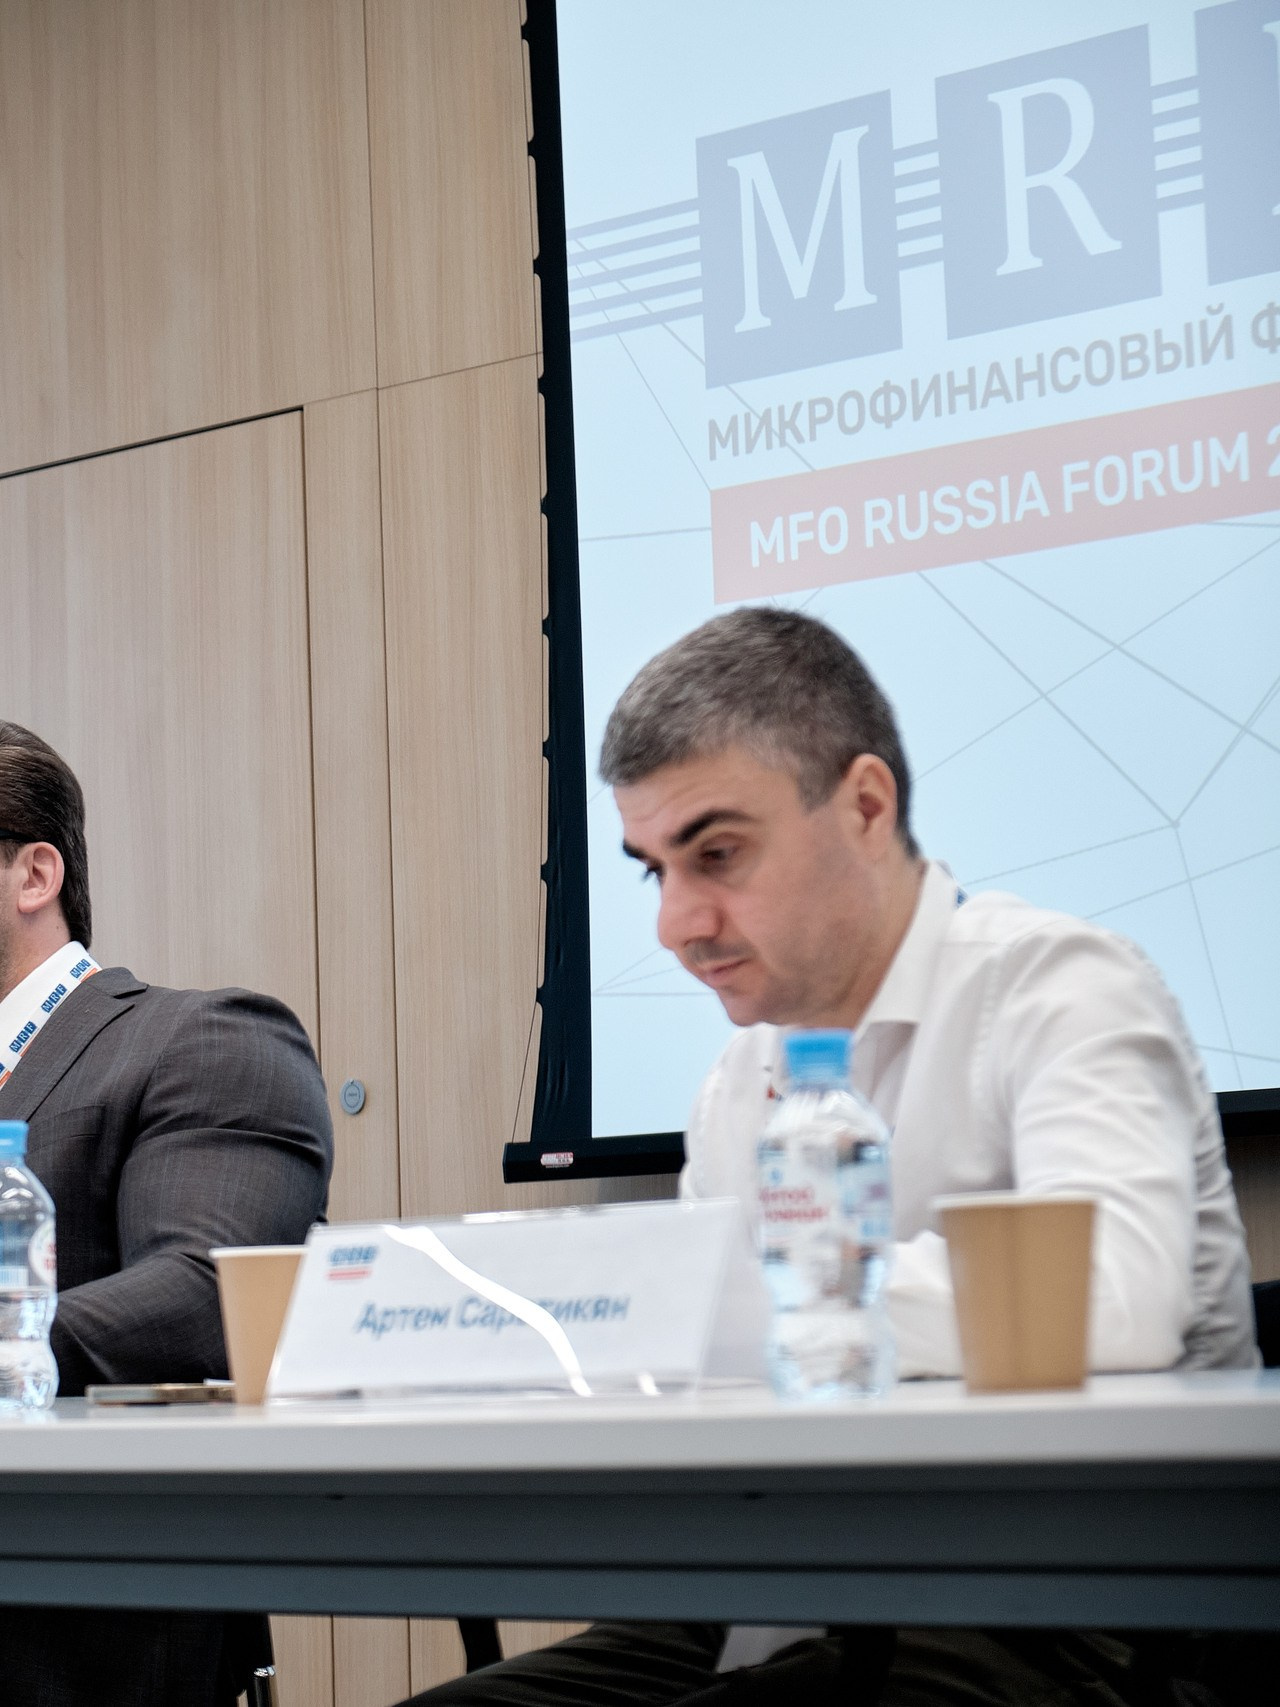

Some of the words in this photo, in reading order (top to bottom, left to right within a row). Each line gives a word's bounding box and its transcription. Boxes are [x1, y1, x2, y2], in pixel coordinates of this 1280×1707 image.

[707, 302, 1235, 462] МИКРОФИНАНСОВЫЙ
[749, 505, 849, 568] MFO
[863, 469, 1050, 548] RUSSIA
[1061, 431, 1250, 514] FORUM
[40, 983, 68, 1013] MRF
[9, 1021, 37, 1053] MRF
[353, 1302, 451, 1342] Артем

- Activity
Word for word, set down each record shown above, omitting the pictures.

- Finished exercise
Some of the words in this photo, in reading order (top to bottom, left to right within a row). Each line gives a word's bounding box and its transcription. Boxes are [x1, y1, x2, y2], in pixel coordinates of this 1280×1707 image.

[707, 302, 1235, 462] МИКРОФИНАНСОВЫЙ
[749, 505, 849, 568] MFO
[863, 469, 1050, 548] RUSSIA
[1061, 431, 1250, 514] FORUM
[40, 983, 68, 1013] MRF
[9, 1021, 37, 1053] MRF
[353, 1302, 451, 1342] Артем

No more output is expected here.